(Text-to-region grounding data)
——————————
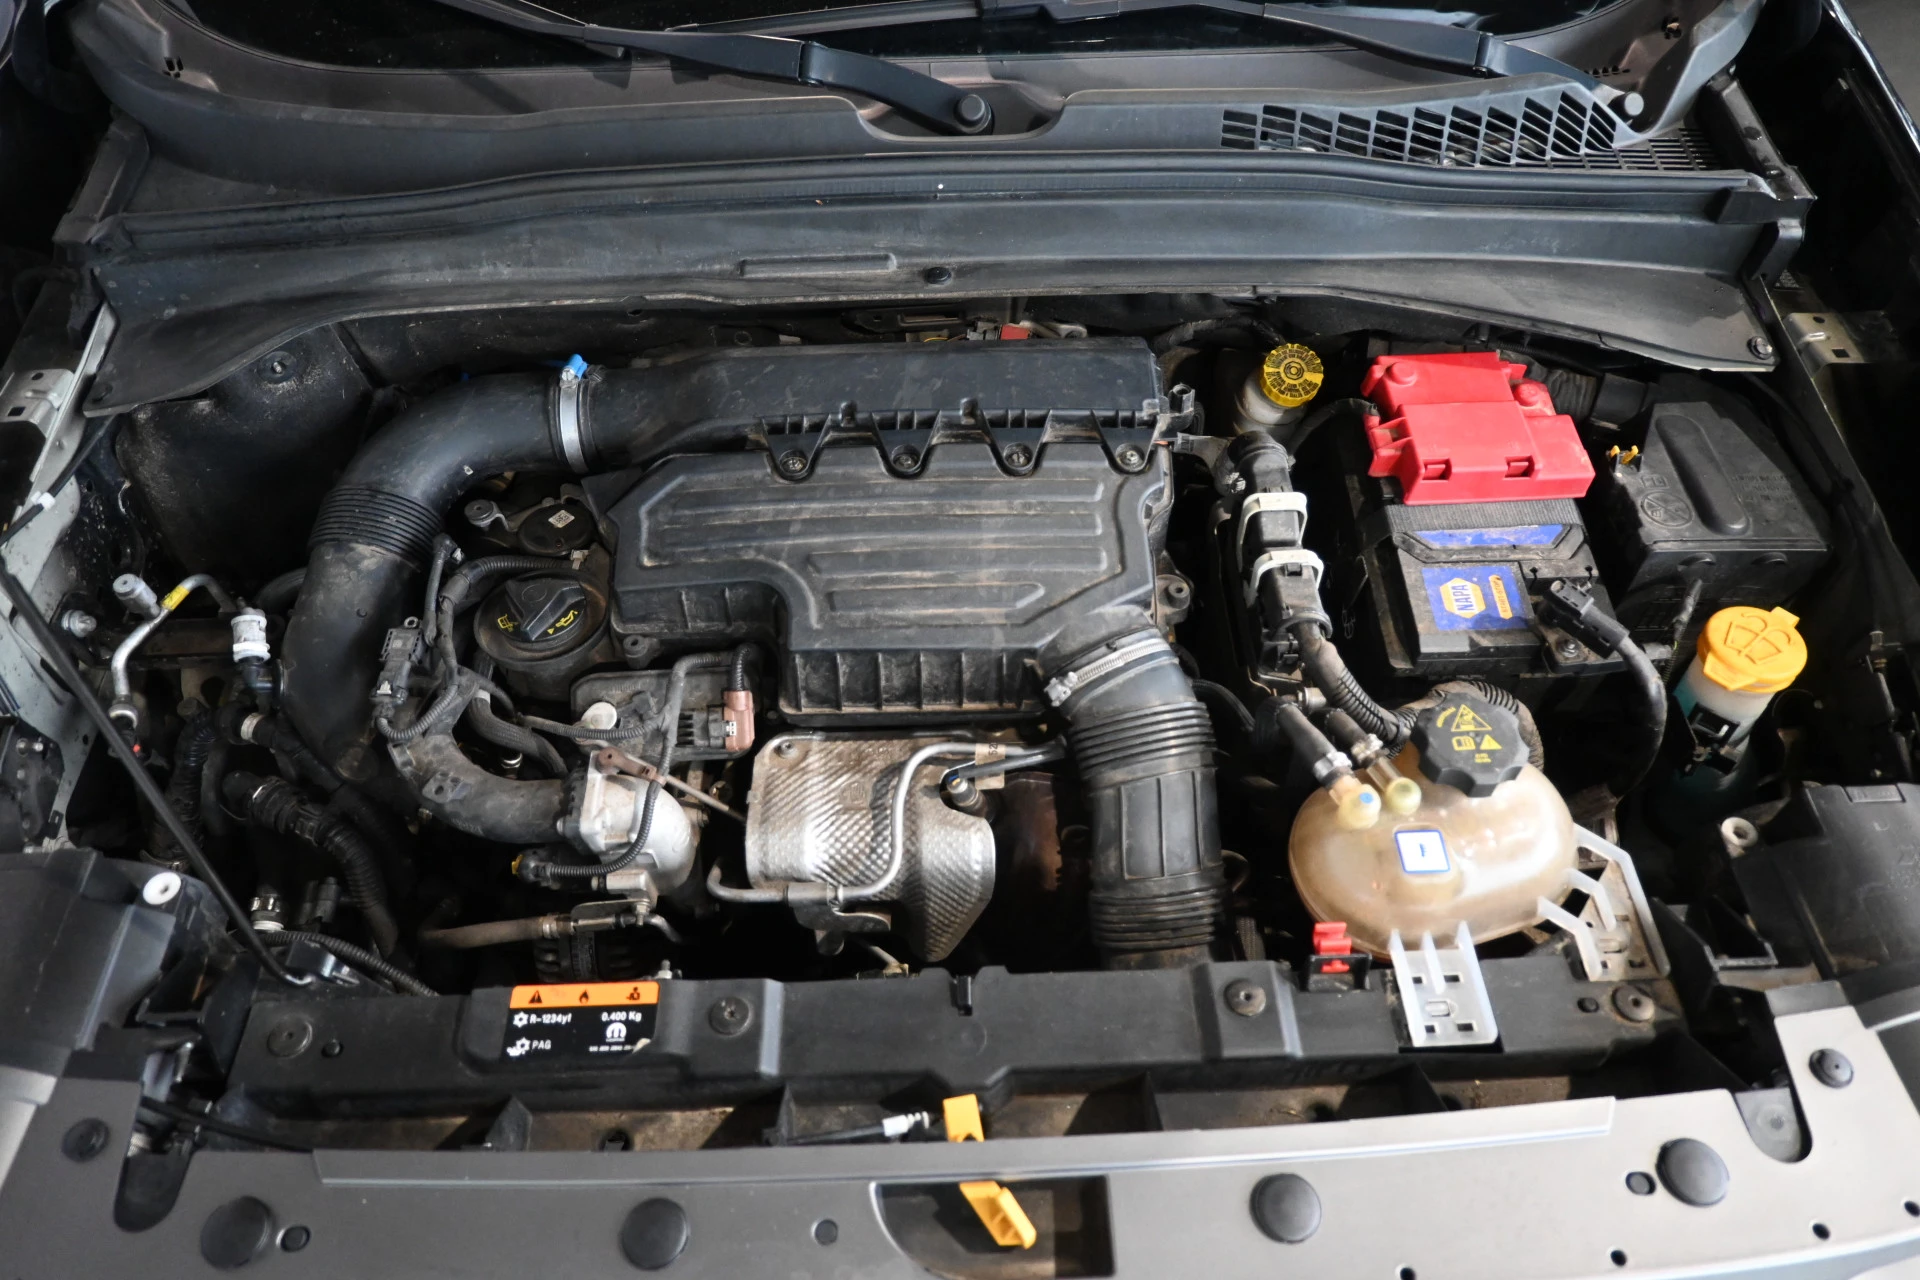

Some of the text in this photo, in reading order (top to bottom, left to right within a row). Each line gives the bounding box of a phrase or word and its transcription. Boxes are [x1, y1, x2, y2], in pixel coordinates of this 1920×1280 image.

[1451, 584, 1475, 611] NAPA
[529, 1013, 572, 1024] R-1234yf
[601, 1011, 642, 1023] 0.400 Kg
[532, 1039, 551, 1050] PAG
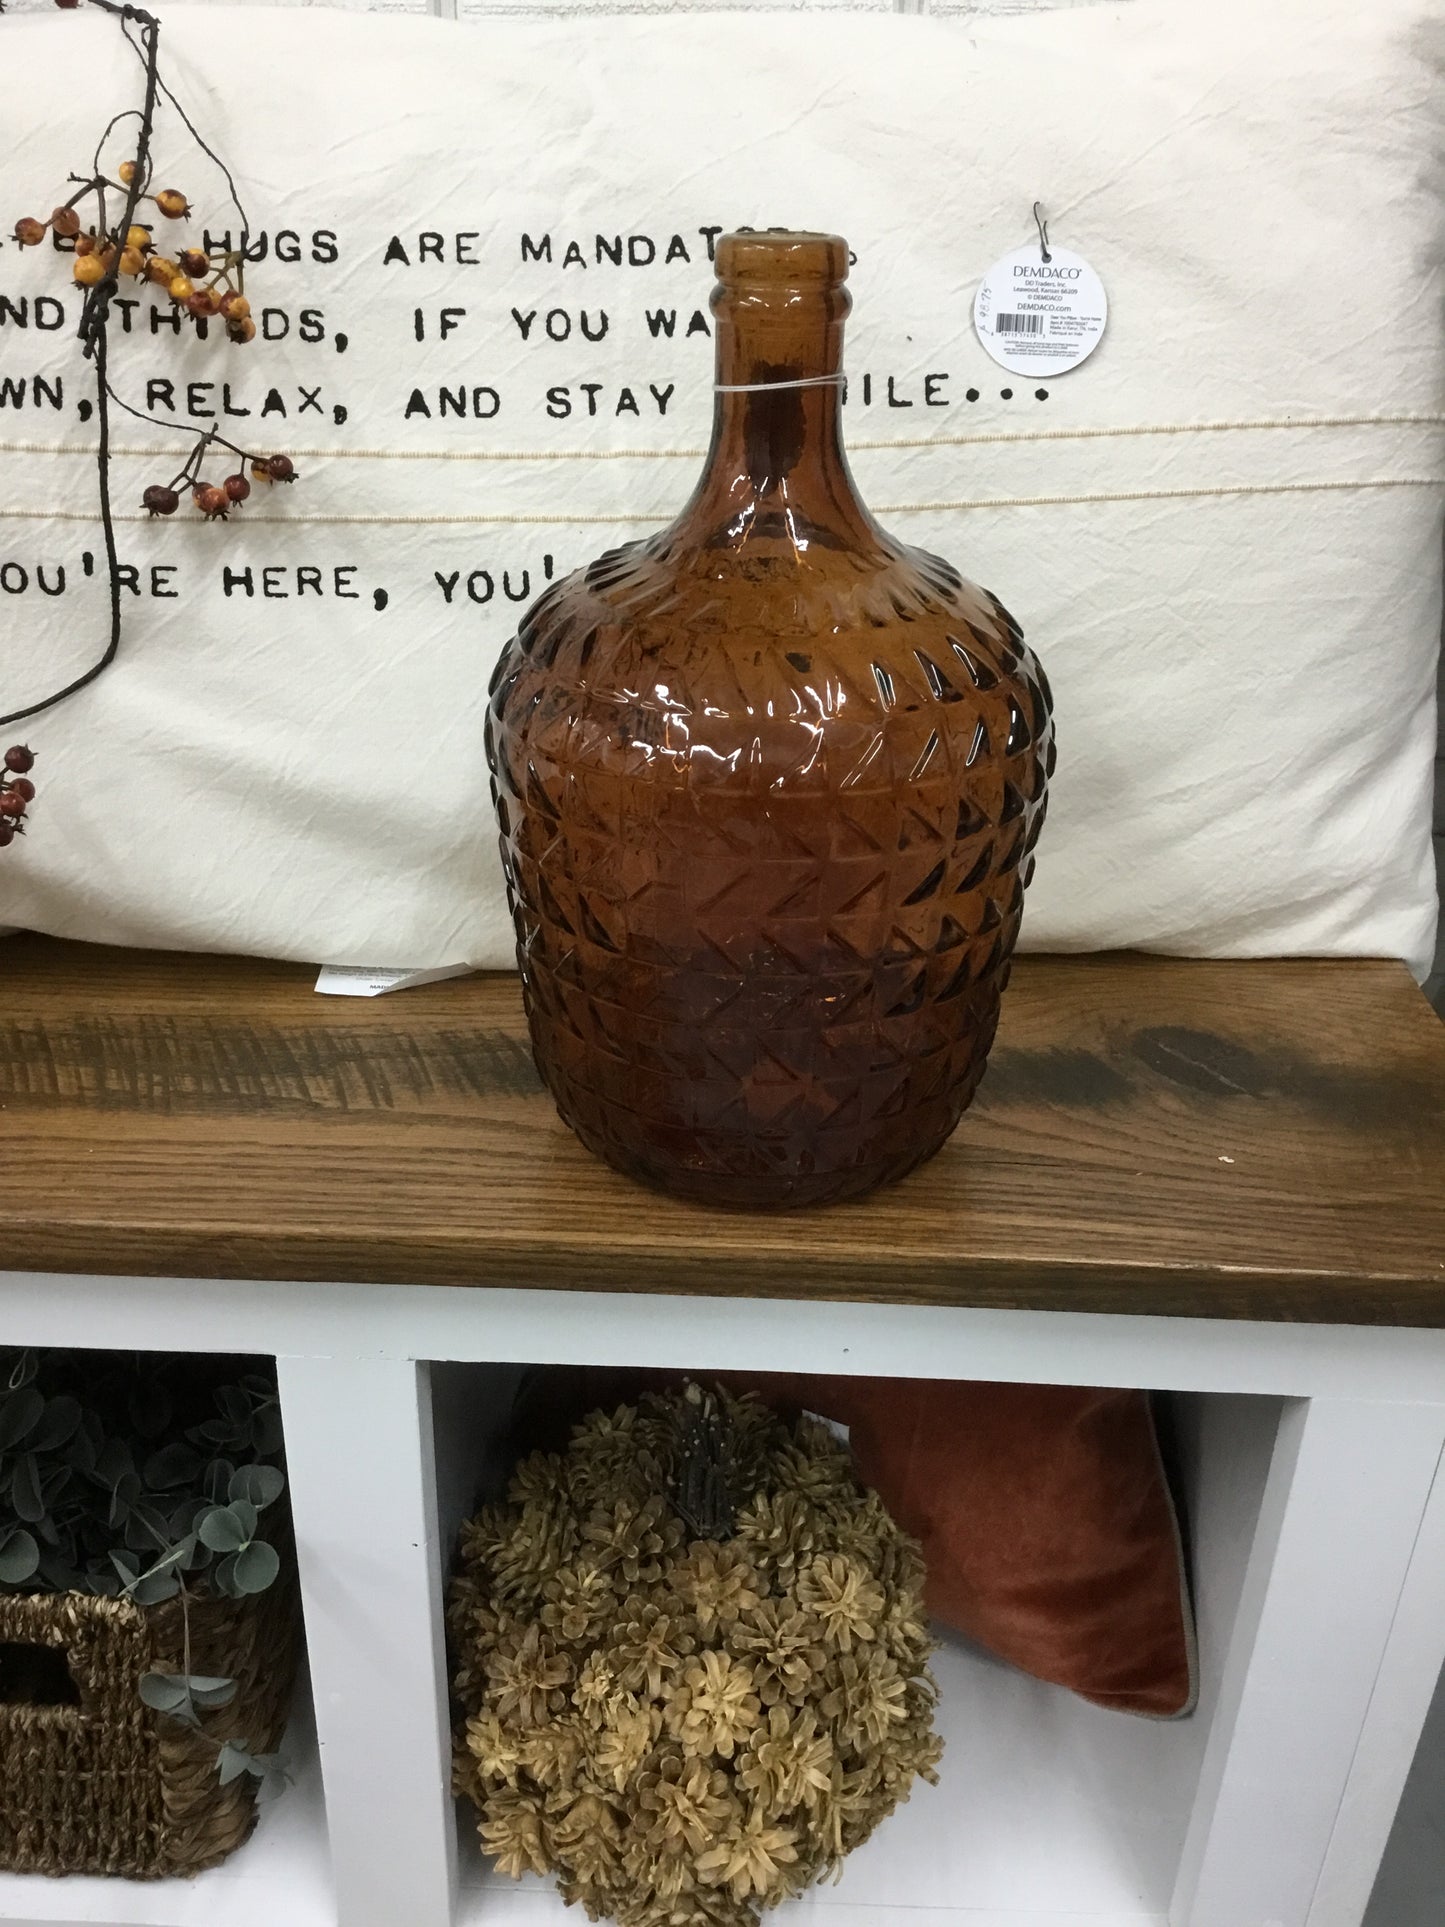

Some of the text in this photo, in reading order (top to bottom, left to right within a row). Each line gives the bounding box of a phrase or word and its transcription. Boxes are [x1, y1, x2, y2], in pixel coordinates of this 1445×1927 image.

[203, 226, 788, 269] HUGS ARE MANDAT
[113, 299, 348, 353] THIDS,
[414, 307, 466, 342] IF
[511, 307, 609, 342] YOU
[1017, 302, 1072, 312] DEMDACO.com
[147, 378, 348, 425] RELAX,
[404, 385, 501, 419] AND
[546, 383, 675, 419] STAY
[223, 566, 389, 611] HERE,
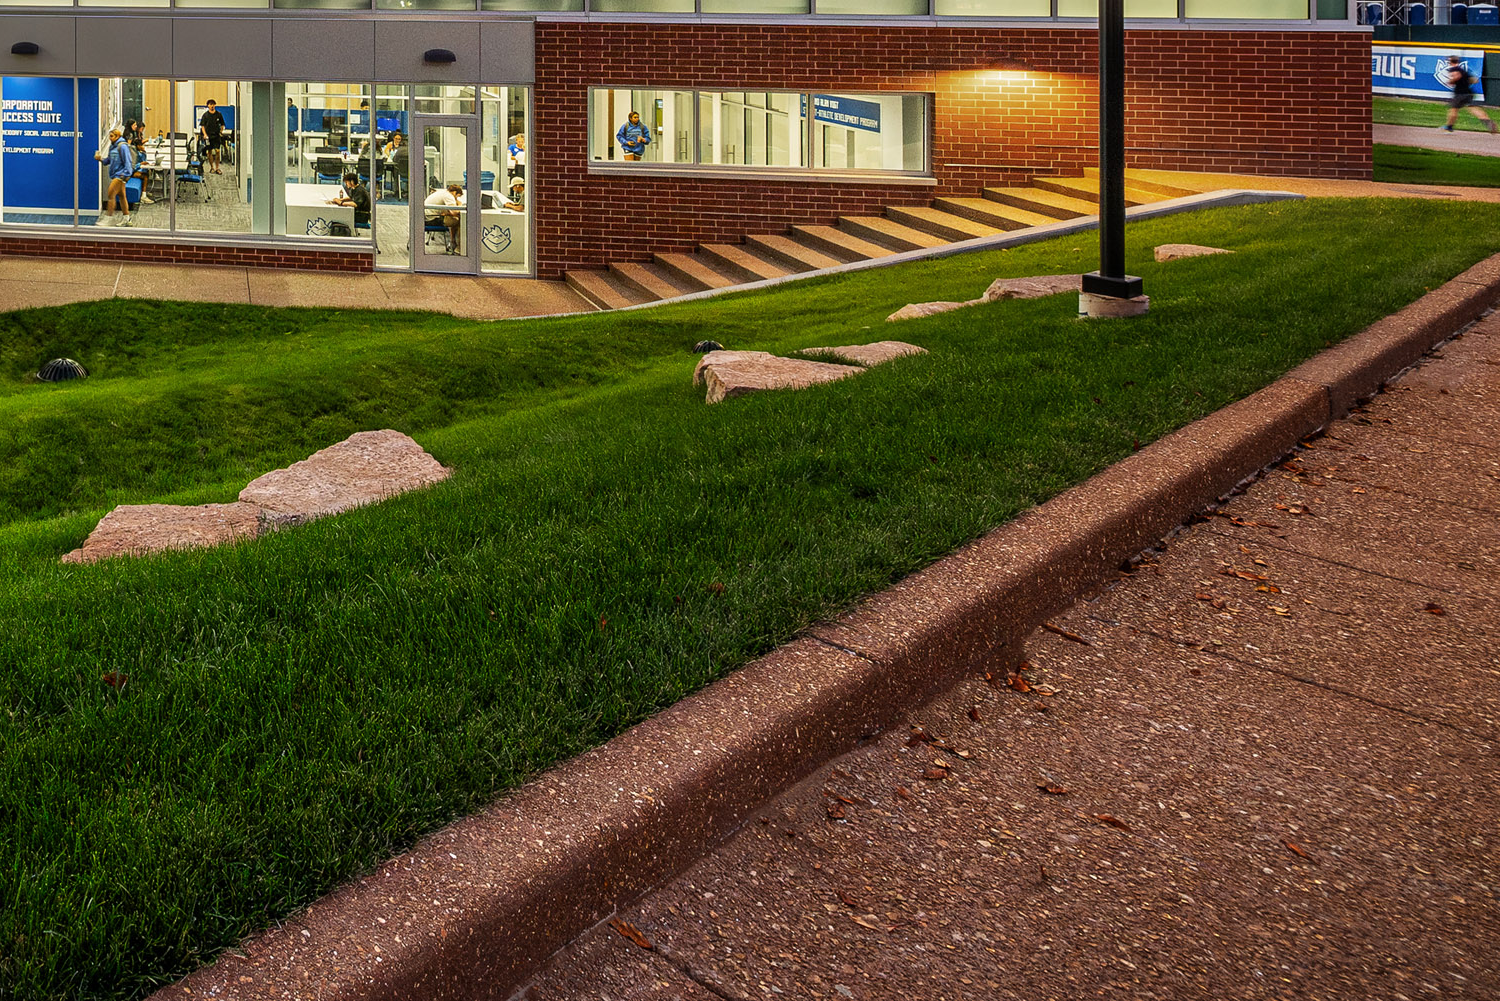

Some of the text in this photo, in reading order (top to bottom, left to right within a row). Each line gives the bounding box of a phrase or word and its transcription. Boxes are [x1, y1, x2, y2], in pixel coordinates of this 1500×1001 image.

[1372, 55, 1417, 80] OUIS
[2, 100, 53, 111] ORPORATION
[2, 112, 34, 123] UCCESS
[37, 112, 62, 123] SUITE
——————————
» **WHAT IS BEING ASKED**
What is needed is an exact printout of every record above, with the pictures left out.

» **SOLUTION TO THE PROBLEM**
Some of the text in this photo, in reading order (top to bottom, left to right within a row). Each line gives the bounding box of a phrase or word and its transcription. Boxes are [x1, y1, x2, y2], in pixel coordinates of this 1920×1280 image.

[1451, 584, 1475, 611] NAPA
[529, 1013, 572, 1024] R-1234yf
[601, 1011, 642, 1023] 0.400 Kg
[532, 1039, 551, 1050] PAG

Some of the text in this photo, in reading order (top to bottom, left to right within a row). Each line gives the bounding box of a phrase or word and its transcription. Boxes are [x1, y1, x2, y2], in pixel coordinates of this 1445×1927 image.

[203, 226, 788, 269] HUGS ARE MANDAT
[113, 299, 348, 353] THIDS,
[414, 307, 466, 342] IF
[511, 307, 609, 342] YOU
[1017, 302, 1072, 312] DEMDACO.com
[147, 378, 348, 425] RELAX,
[404, 385, 501, 419] AND
[546, 383, 675, 419] STAY
[223, 566, 389, 611] HERE,

Some of the text in this photo, in reading order (top to bottom, left to right within a row). Each line gives the bounding box of a phrase or word and its transcription. Boxes are [x1, y1, x2, y2], in pixel coordinates of this 1500×1001 image.

[1372, 55, 1417, 80] OUIS
[2, 100, 53, 111] ORPORATION
[2, 112, 34, 123] UCCESS
[37, 112, 62, 123] SUITE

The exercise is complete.